### ASSIGNED TASK
In your copy of the data, include no pictures and alter nothing else.

### DATA RECORDS
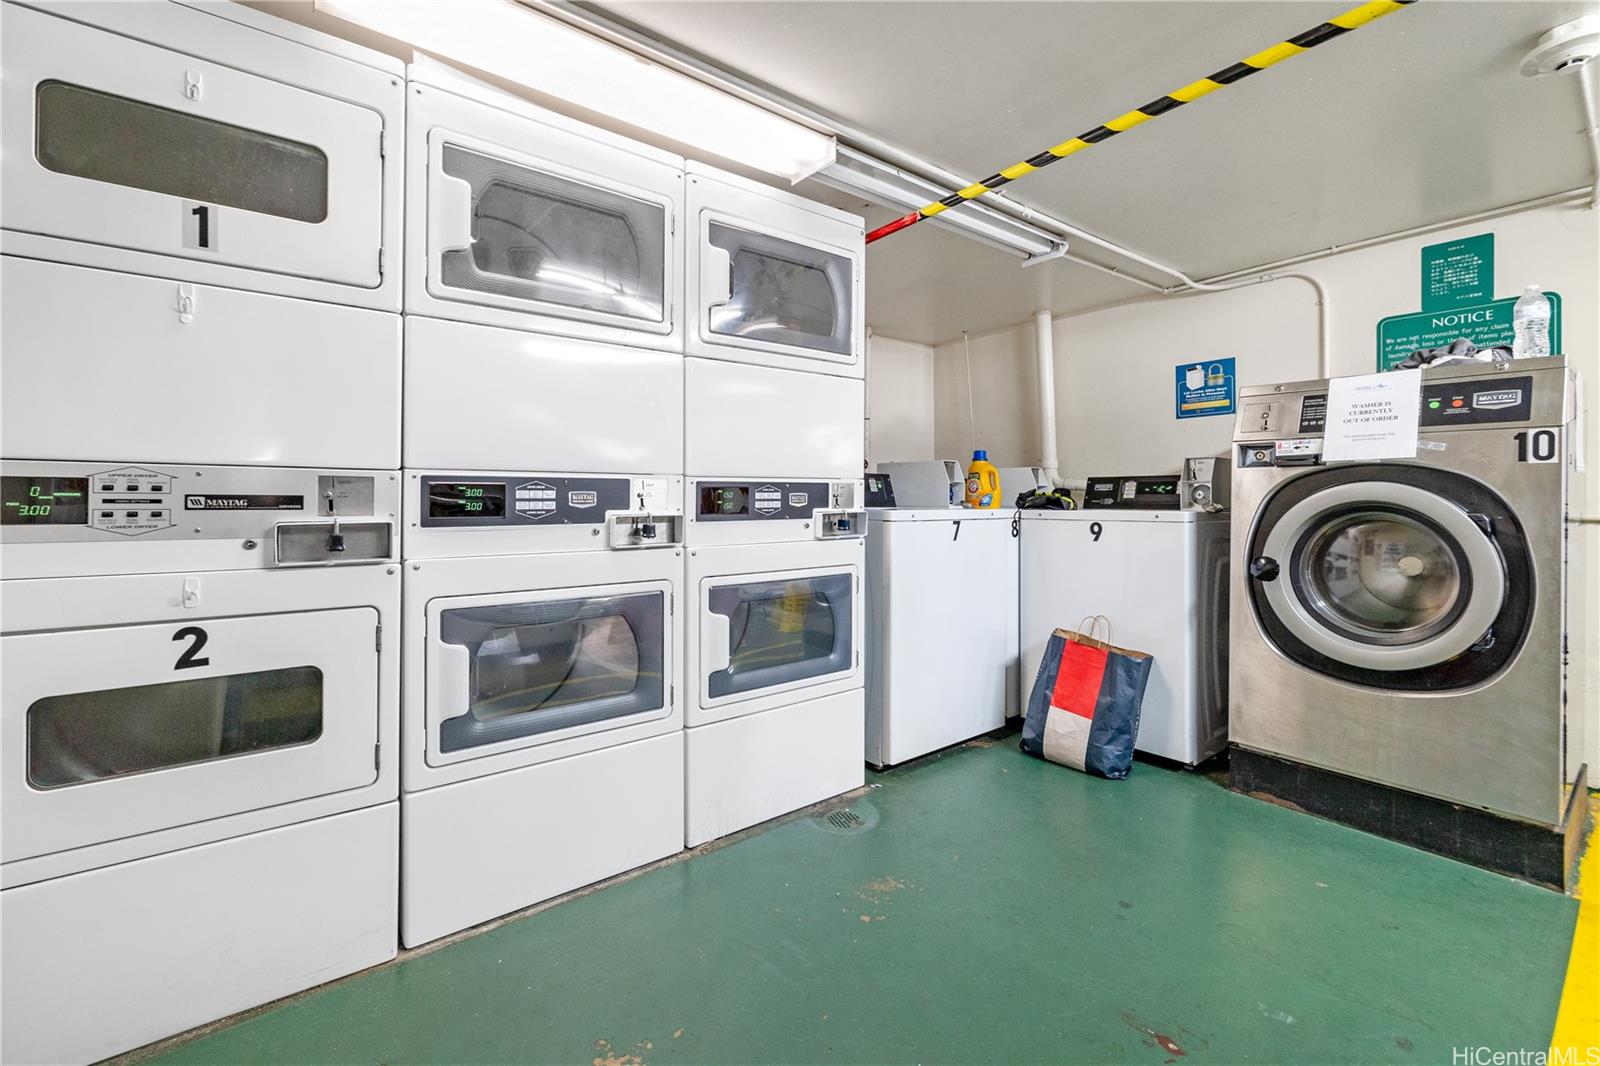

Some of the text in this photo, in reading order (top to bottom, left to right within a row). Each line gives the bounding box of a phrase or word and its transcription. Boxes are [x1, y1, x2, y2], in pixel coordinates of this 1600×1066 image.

[192, 205, 209, 248] 1
[1432, 309, 1494, 328] NOTICE
[1422, 328, 1459, 340] responsible
[1475, 325, 1489, 333] any
[1490, 322, 1510, 330] claim
[1478, 332, 1498, 340] items
[1387, 351, 1411, 359] laundry
[1478, 392, 1517, 401] MAYTAG
[1348, 407, 1394, 416] CURRENTLY
[1513, 429, 1556, 462] 10
[464, 488, 483, 498] 3.00
[18, 505, 51, 516] 3.00
[464, 502, 483, 511] 3.00
[952, 520, 961, 541] 7
[1011, 520, 1019, 538] 8
[1089, 521, 1103, 542] 9
[171, 626, 210, 671] 2
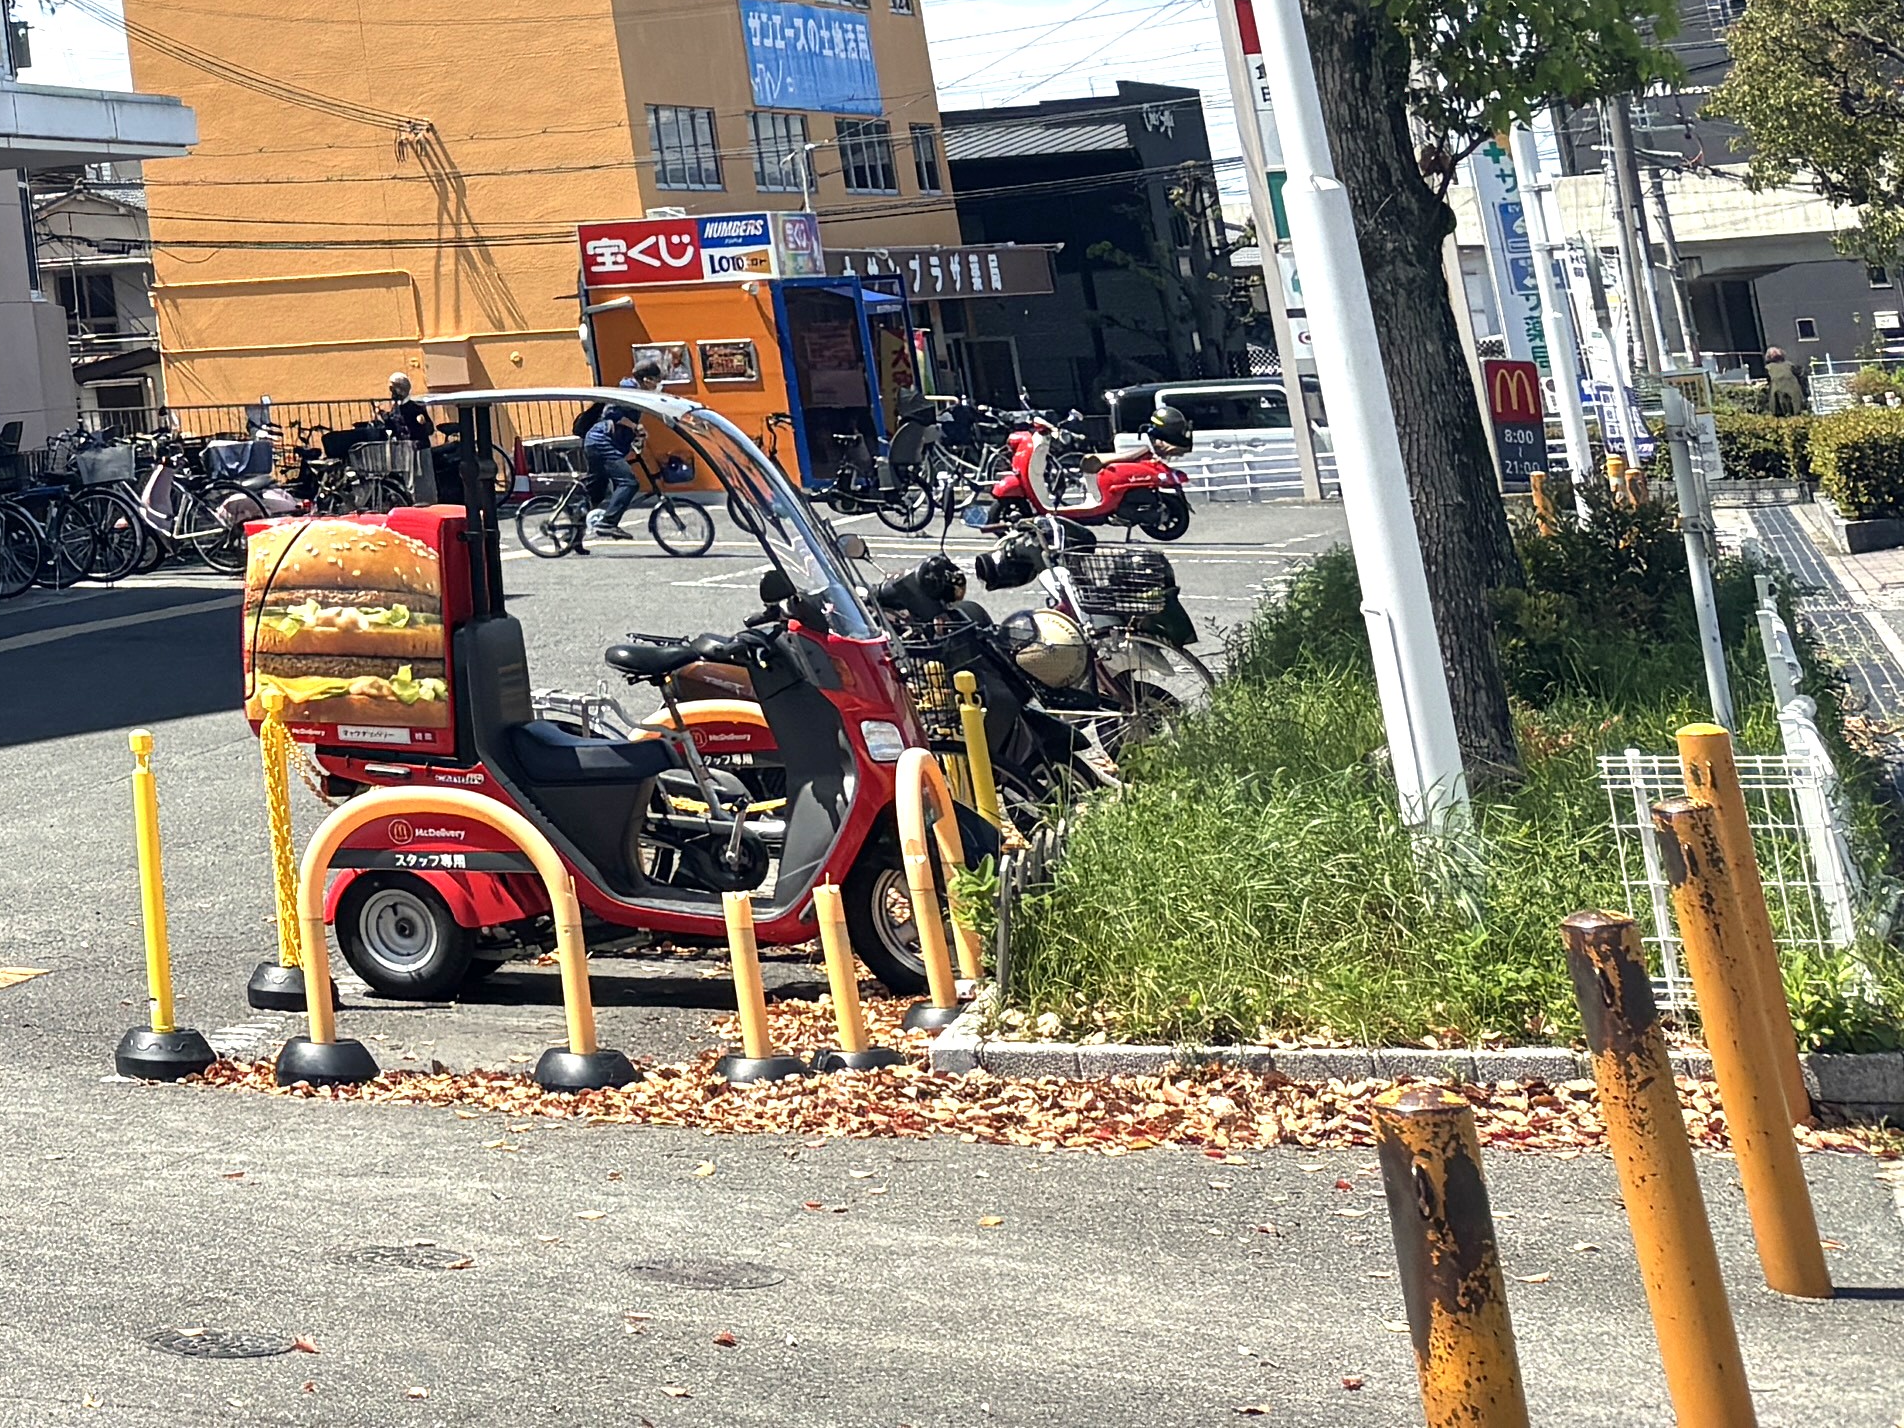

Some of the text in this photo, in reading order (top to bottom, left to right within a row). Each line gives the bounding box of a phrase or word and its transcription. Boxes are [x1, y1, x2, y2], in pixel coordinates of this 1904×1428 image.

[703, 219, 765, 239] NUMBERS
[585, 234, 695, 274] 宝くじ
[708, 254, 745, 275] LOTO
[1504, 428, 1534, 445] 8:00
[708, 733, 752, 742] McDelivery
[703, 753, 754, 766] タッフ専用
[414, 827, 466, 842] McDelivery
[394, 853, 466, 869] スタッフ専用

### COMPLETED EXERCISE
Some of the text in this photo, in reading order (top to bottom, left to right within a row). Each line gives the bounding box of a phrase or word and its transcription. Boxes are [x1, y1, x2, y2], in pixel coordinates of this 1600×1066 image.

[192, 205, 209, 248] 1
[1432, 309, 1494, 328] NOTICE
[1422, 328, 1459, 340] responsible
[1475, 325, 1489, 333] any
[1490, 322, 1510, 330] claim
[1478, 332, 1498, 340] items
[1387, 351, 1411, 359] laundry
[1478, 392, 1517, 401] MAYTAG
[1348, 407, 1394, 416] CURRENTLY
[1513, 429, 1556, 462] 10
[464, 488, 483, 498] 3.00
[18, 505, 51, 516] 3.00
[464, 502, 483, 511] 3.00
[952, 520, 961, 541] 7
[1011, 520, 1019, 538] 8
[1089, 521, 1103, 542] 9
[171, 626, 210, 671] 2

Some of the text in this photo, in reading order (top to bottom, left to right within a row). Each line gives the bounding box of a phrase or word and its transcription. Boxes are [x1, y1, x2, y2], in pixel coordinates of this 1904×1428 image.

[703, 219, 765, 239] NUMBERS
[585, 234, 695, 274] 宝くじ
[708, 254, 745, 275] LOTO
[1504, 428, 1534, 445] 8:00
[708, 733, 752, 742] McDelivery
[703, 753, 754, 766] タッフ専用
[414, 827, 466, 842] McDelivery
[394, 853, 466, 869] スタッフ専用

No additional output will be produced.